*** Opening of EXTRACTED DATA ***

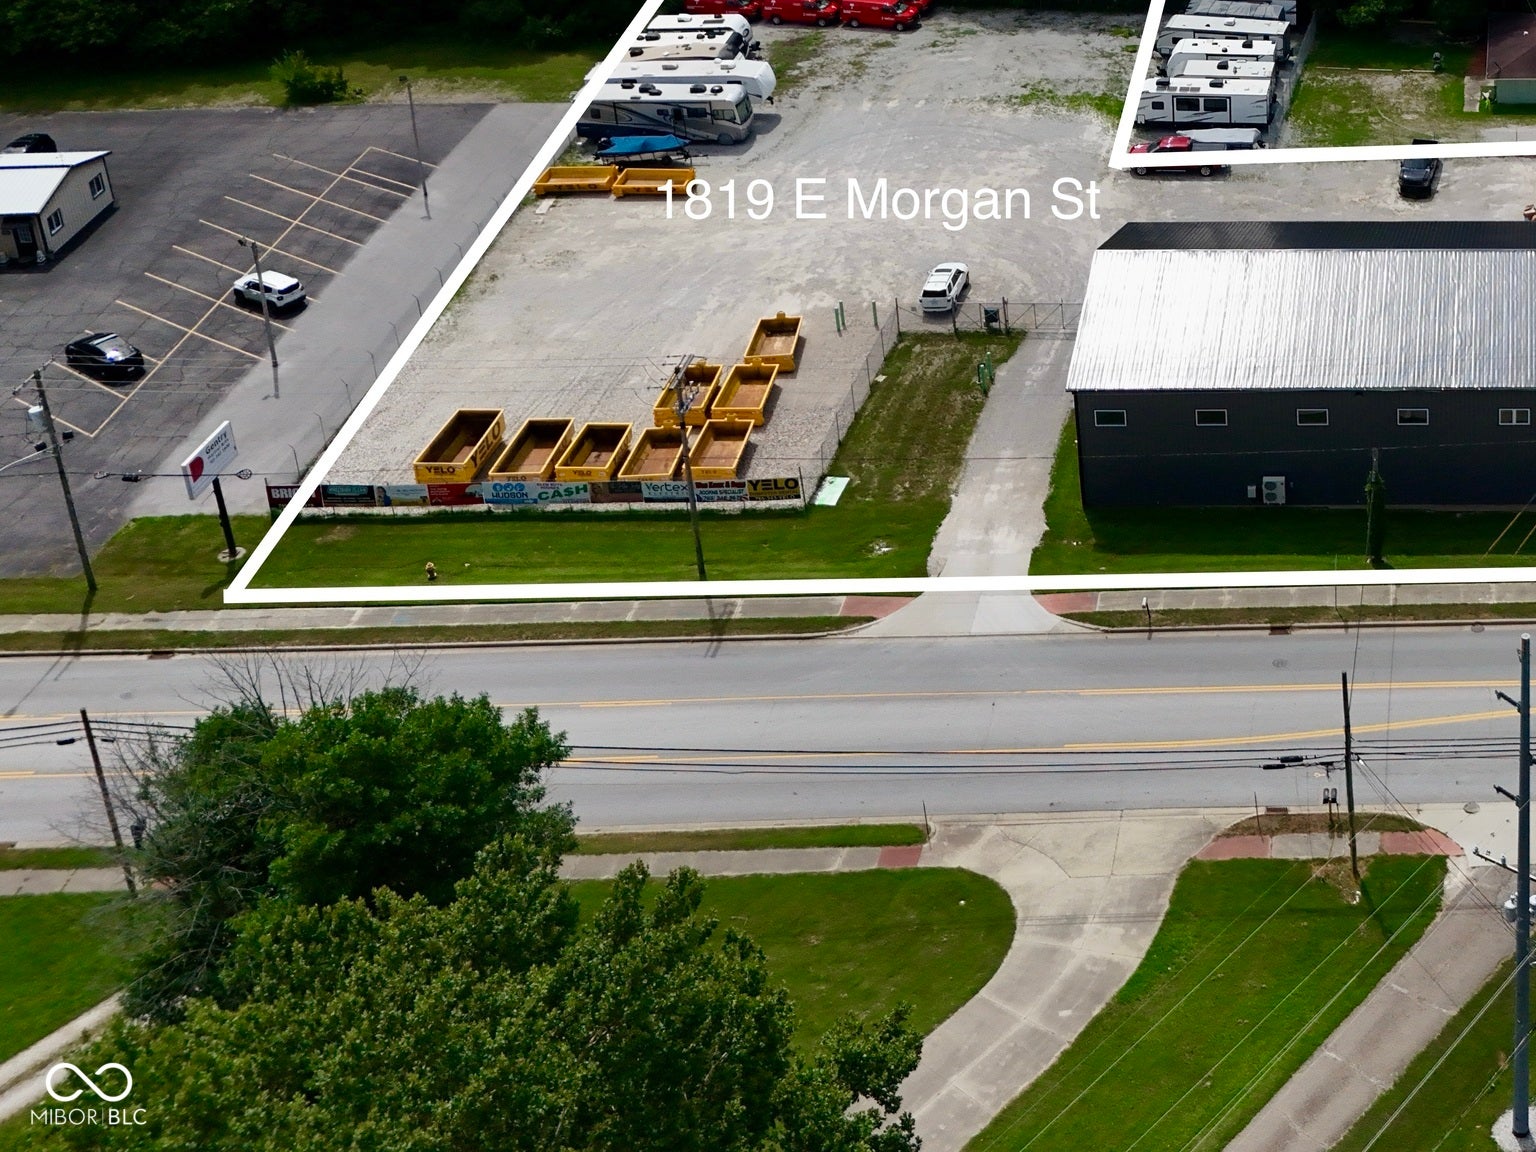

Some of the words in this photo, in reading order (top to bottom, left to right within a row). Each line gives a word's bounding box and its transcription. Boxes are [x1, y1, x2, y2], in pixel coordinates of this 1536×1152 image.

[205, 431, 227, 455] Gentry
[471, 421, 501, 468] YELO
[425, 465, 456, 474] YELO
[644, 481, 689, 492] Vertex
[747, 478, 799, 491] YELO
[491, 491, 529, 499] HUDSON
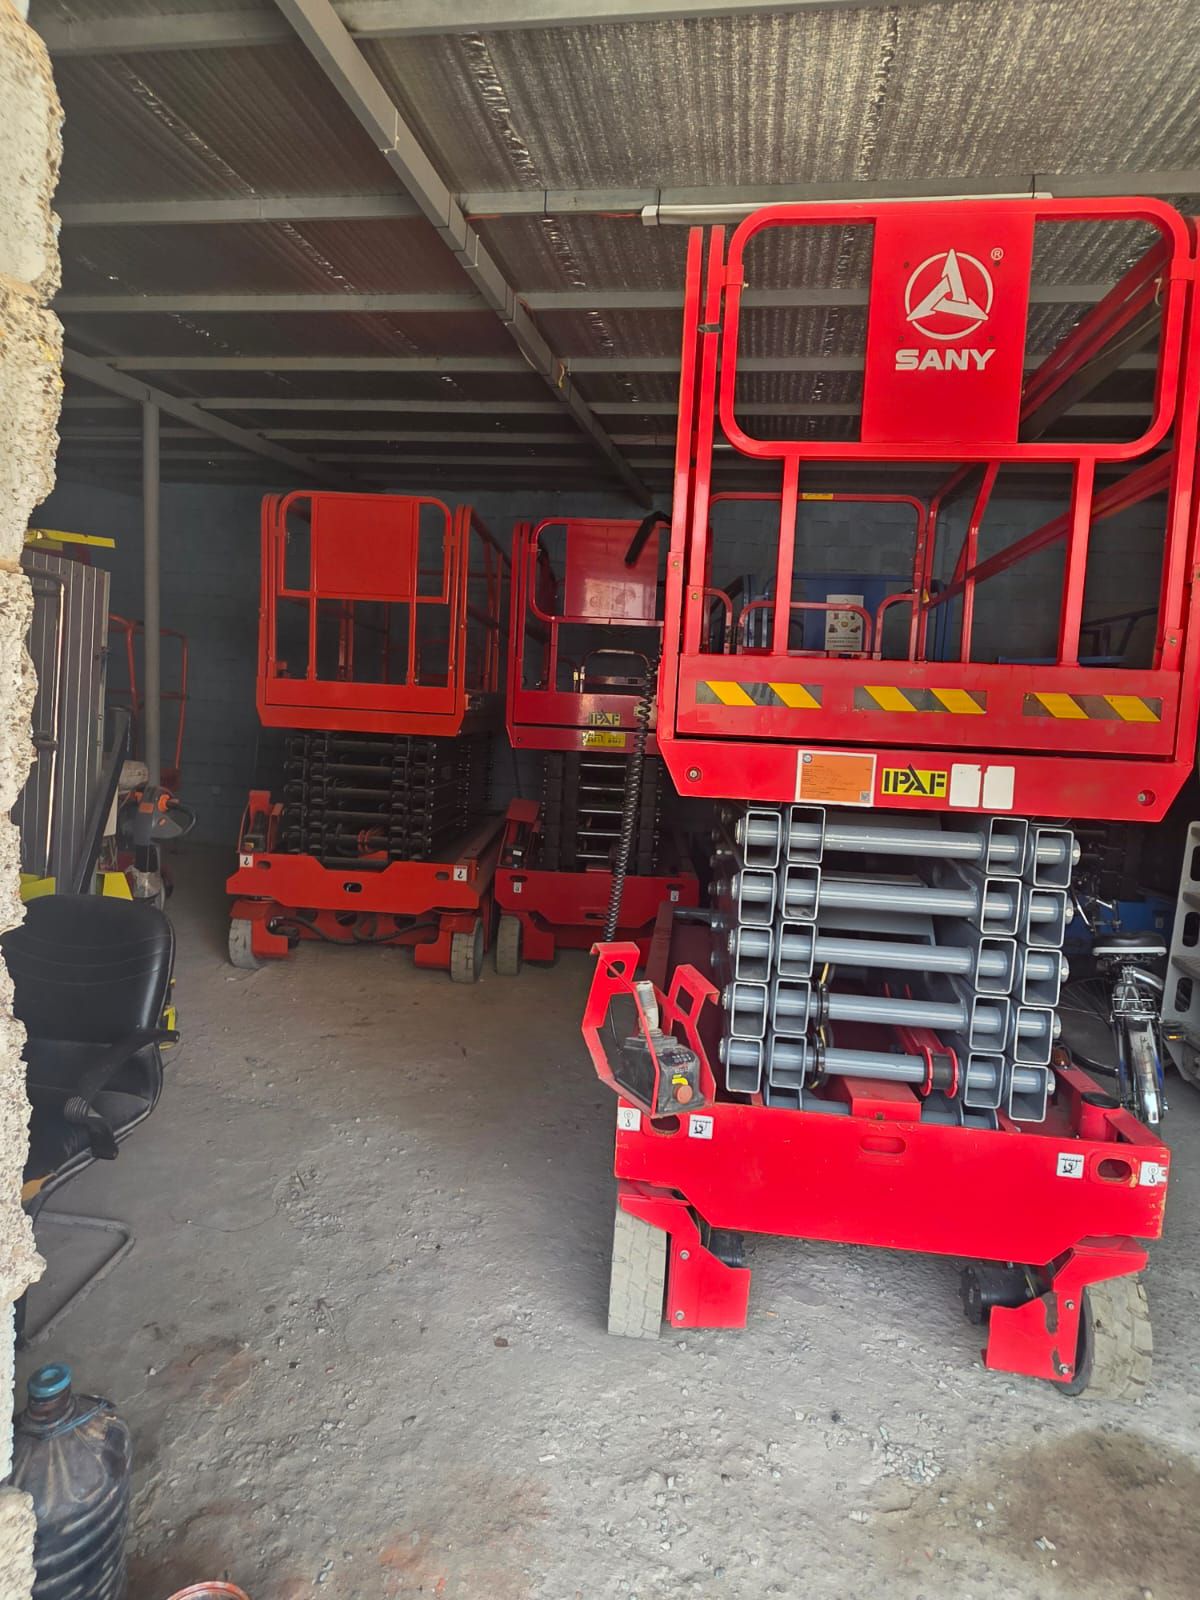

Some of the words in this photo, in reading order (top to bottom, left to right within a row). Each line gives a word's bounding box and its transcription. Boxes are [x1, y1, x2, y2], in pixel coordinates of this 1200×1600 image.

*** Close of EXTRACTED DATA ***

#### [YOUR TASK]
Reproduce each entry precisely; the pictures stay out.

#### [SOLUTION TO THE EXERCISE]
Some of the words in this photo, in reading order (top to bottom, left to right within a row). Each line gives a word's bounding box and its transcription. Boxes are [x1, y1, x2, y2], in pixel coordinates of this 1536×1152 image.

[205, 431, 227, 455] Gentry
[471, 421, 501, 468] YELO
[425, 465, 456, 474] YELO
[644, 481, 689, 492] Vertex
[747, 478, 799, 491] YELO
[491, 491, 529, 499] HUDSON

Some of the words in this photo, in reading order (top to bottom, left to right within a row). Each line gives a word's bounding box and its transcription. Boxes are [x1, y1, x2, y2], in pixel coordinates of this 1200×1600 image.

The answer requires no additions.